Umberto Albarella, professor of zooarchaeology at the University of Sheffield, says that this statistic is misleading. These ten students applied to study archaeology despite being warned that the program might not even exist. Albarella told ARTnews in a video call, “I’m amazed that we still have 10 students who have accepted offers. What would you do if you were an undergraduate student thinking of studying archaeology and you have received notification from the University that clearly says that they can’t guarantee who is going to teach them and which department they’re going to be taught?”

Currently, the University’s plan is to teach archaeology courses in other departments and at the postgraduate level, while doing away with parts of the curriculum and some of the faculty that teach them. However, the University board has not yet decided which aspects of the department they will get rid of.

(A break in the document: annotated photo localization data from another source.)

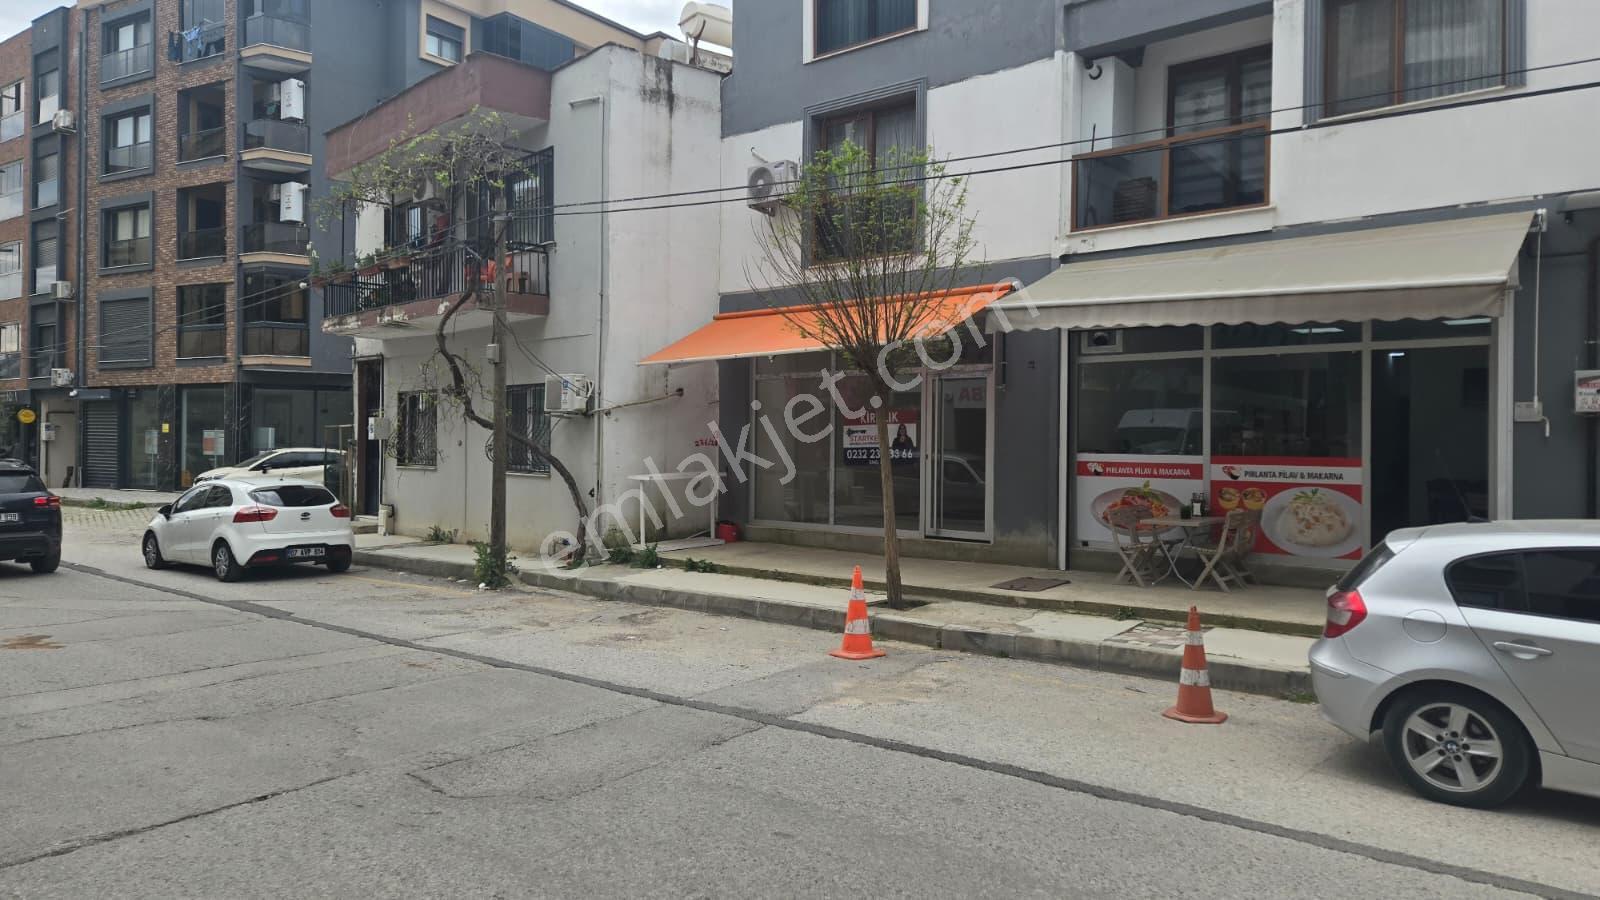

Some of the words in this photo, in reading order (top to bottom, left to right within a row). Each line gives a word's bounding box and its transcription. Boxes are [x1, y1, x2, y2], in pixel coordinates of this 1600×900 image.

[846, 449, 868, 459] 0232
[869, 449, 882, 459] 23
[901, 449, 913, 459] 66
[1134, 466, 1152, 475] PİLAV
[1244, 470, 1276, 479] PIRLANTA
[1278, 470, 1298, 479] PİLAV
[1307, 472, 1344, 481] MAKARNA
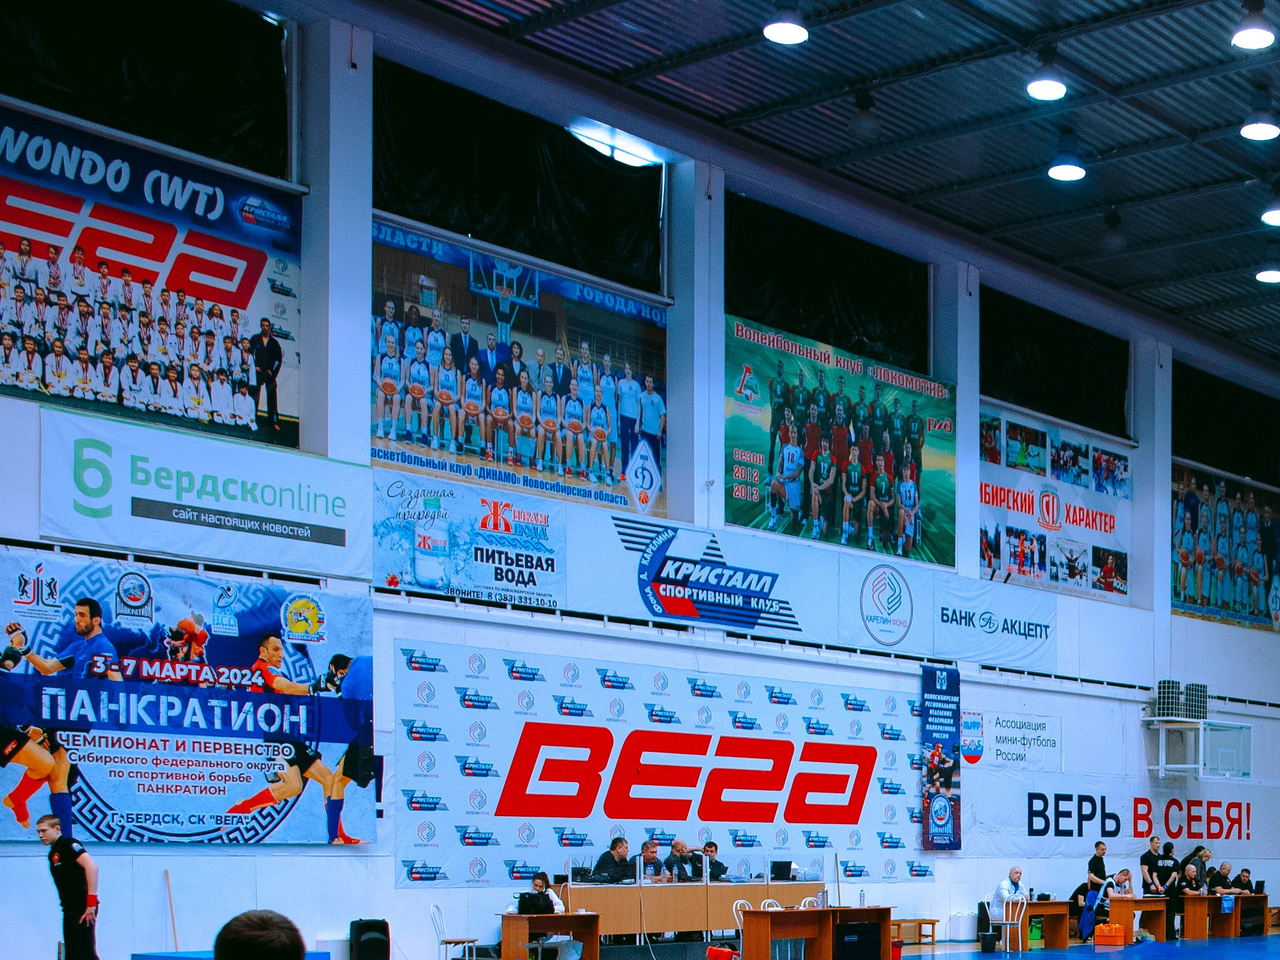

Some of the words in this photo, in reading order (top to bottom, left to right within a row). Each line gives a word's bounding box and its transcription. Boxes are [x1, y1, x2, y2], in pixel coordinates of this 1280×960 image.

[144, 169, 225, 221] (WT)
[735, 321, 832, 365] Волейбольный
[835, 355, 864, 376] клуб
[733, 448, 765, 466] сезон
[450, 460, 473, 477] клуб
[522, 475, 592, 499] Новосибирская
[594, 488, 629, 506] область
[733, 465, 759, 483] 2012
[733, 484, 759, 502] 2013
[172, 507, 199, 522] сайт
[201, 512, 261, 531] настоящих
[262, 521, 311, 538] новостей
[1065, 503, 1116, 534] ХАРАКТЕР
[474, 547, 556, 573] ПИТЬЕВАЯ
[494, 566, 538, 588] ВОДА
[660, 560, 773, 593] КРИСТАЛЛ
[444, 587, 484, 600] ЗВОНИТЕ!
[487, 593, 493, 601] 8
[495, 593, 516, 604] (383)
[517, 596, 558, 608] 331-10-10
[659, 584, 744, 607] СПОРТИВНЫЙ
[751, 597, 780, 613] КЛУБ
[940, 606, 976, 628] БАНК
[1001, 618, 1050, 640] АКЦЕПТ
[93, 656, 106, 673] 3
[123, 658, 136, 676] 7
[142, 659, 215, 683] МАРТА
[217, 666, 265, 687] 2024
[41, 686, 308, 735] ПАНКРАТИОН
[995, 716, 1047, 732] Ассоциация
[58, 733, 171, 752] ЧЕМПИОНАТ
[175, 739, 186, 752] И
[192, 740, 294, 758] ПЕРВЕНСТВО
[995, 733, 1057, 749] мини-футбола
[69, 752, 148, 765] Сибирского
[151, 755, 244, 770] федерального
[247, 761, 286, 773] округа
[995, 748, 1027, 762] России
[109, 769, 126, 779] по
[128, 770, 206, 783] спортивной
[209, 772, 252, 784] борьбе
[137, 783, 227, 796] ПАНКРАТИОН
[188, 814, 207, 826] СК
[1027, 792, 1122, 838] ВЕРЬ
[1133, 797, 1153, 839] В
[1164, 798, 1252, 840] СЕБЯ!

The closure is the final blow in a series of disinvestments from the program, with faculty members being reduced drastically over the years as tuition rates have continued to skyrocket. This is a pattern that has been happening all over the country. The Guardian reported this past June that tuition for U.K. universities has increased by a third over the past five years, while spending on faculty has grown much more slowly. In fact, Covid-19 led to a wave of layoffs.

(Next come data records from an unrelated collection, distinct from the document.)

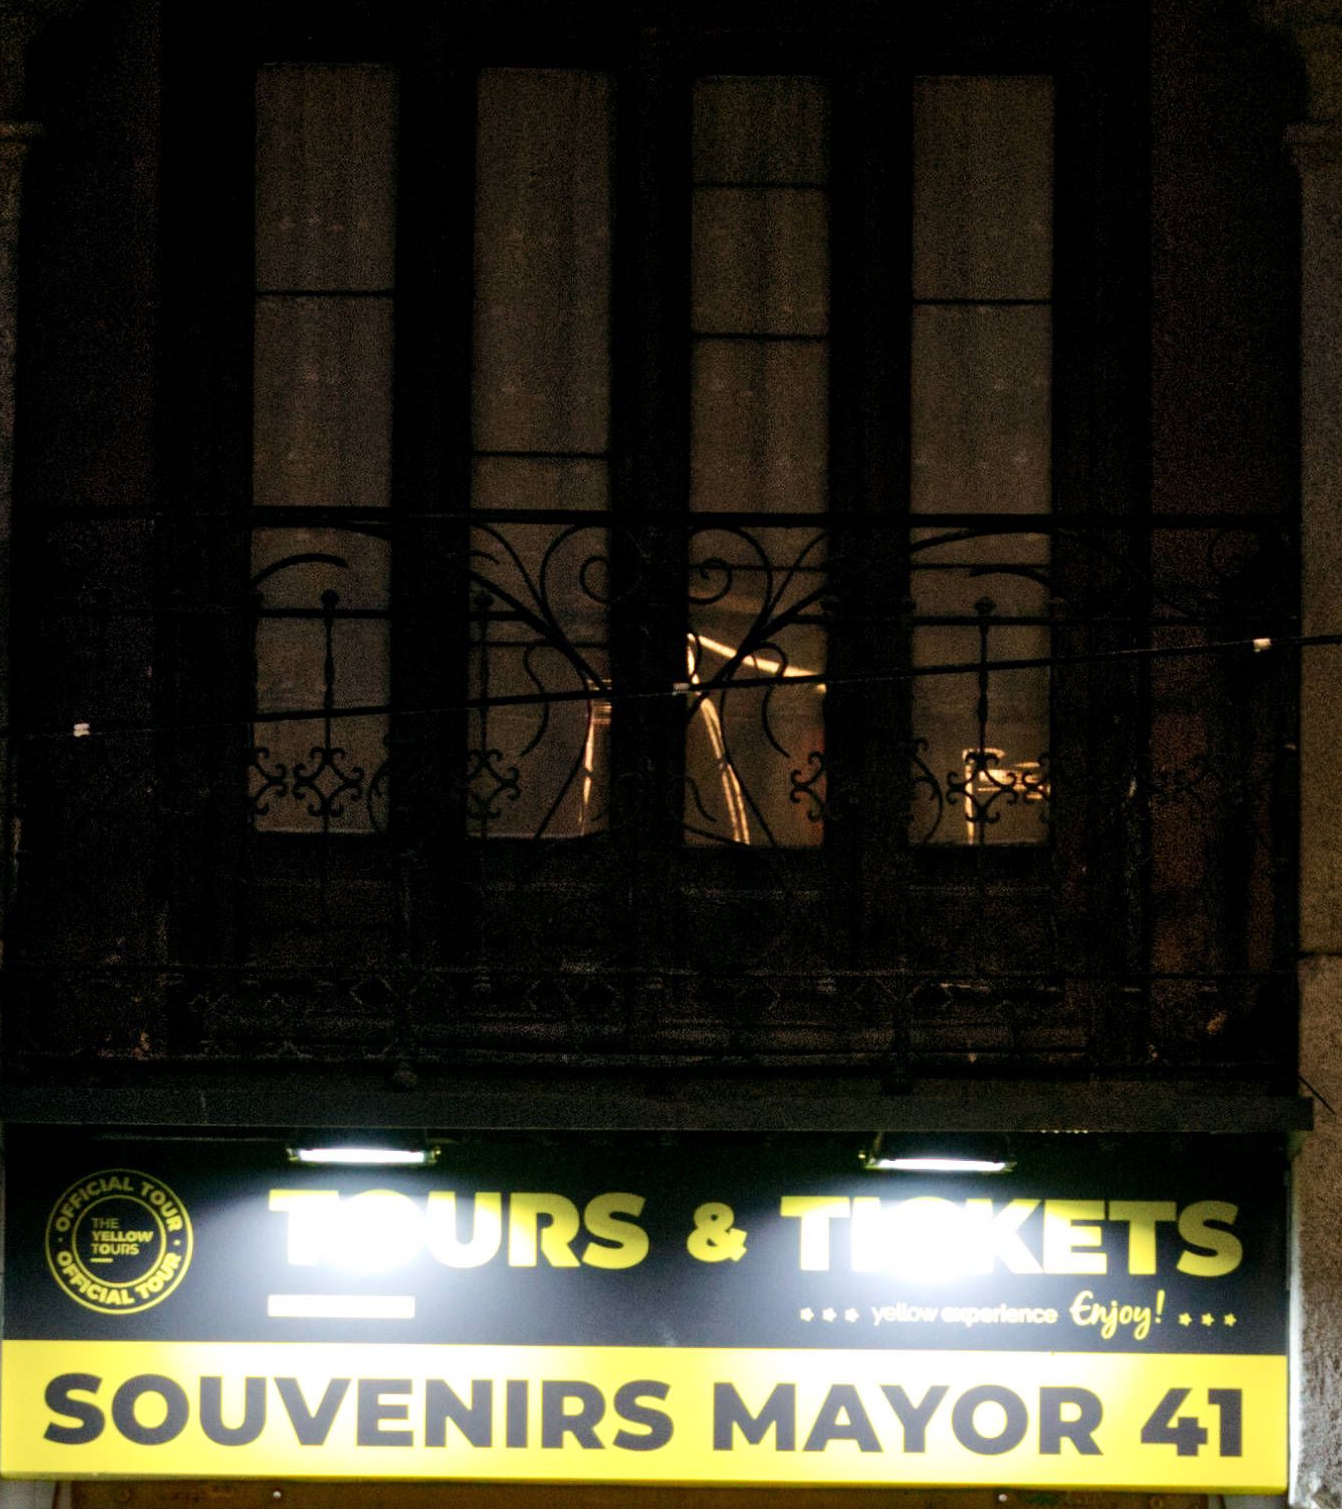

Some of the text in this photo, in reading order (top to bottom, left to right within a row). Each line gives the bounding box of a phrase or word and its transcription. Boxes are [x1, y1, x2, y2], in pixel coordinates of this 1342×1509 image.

[55, 1176, 182, 1232] OFFICIAL TOUR
[91, 1218, 118, 1229] THE
[91, 1231, 153, 1242] YELLOW
[91, 1244, 139, 1255] TOURS
[268, 1189, 1244, 1277] TOURS & TIKETS
[57, 1251, 181, 1305] OFFICIAL TOUR
[871, 1289, 1164, 1340] yellow experience Enjoy!
[42, 1373, 1243, 1459] SOUVENIRS MAYOR 41

The programs most targeted have been those in the liberal arts, with the Education Secretary Gavin Williamson dismissing these disciplines as “dead-end courses that leave young people with nothing but debt” in a statement he made last month describing his “Higher Education (Freedom of Speech) Bill” that is intended to strengthen funding for vocational training, disinvest from the liberal arts and ultimately, “put an end once and for all to the chilling effect of cancel culture in universities. ” The suggestion that the liberal arts are not just useless for those seeking employment but harmful to the larger culture echoes conservative efforts in the United States to ban Critical Race Theory from school curriculums. 

Faculty will continue to fight the decision to close the archaeology department, and the University union is set to vote on whether or not faculty would like to strike during the coming fall term. Albarella says he and his fellow professors believe it is their responsibility to do all they can to resist the cultural vandalism that is sweeping through the country and their school, saying, “Whatever happens to our department, our jobs, we wouldn’t be fulfilling our duties as citizens if we allow something as wrong as this to happen without any formal resistance.”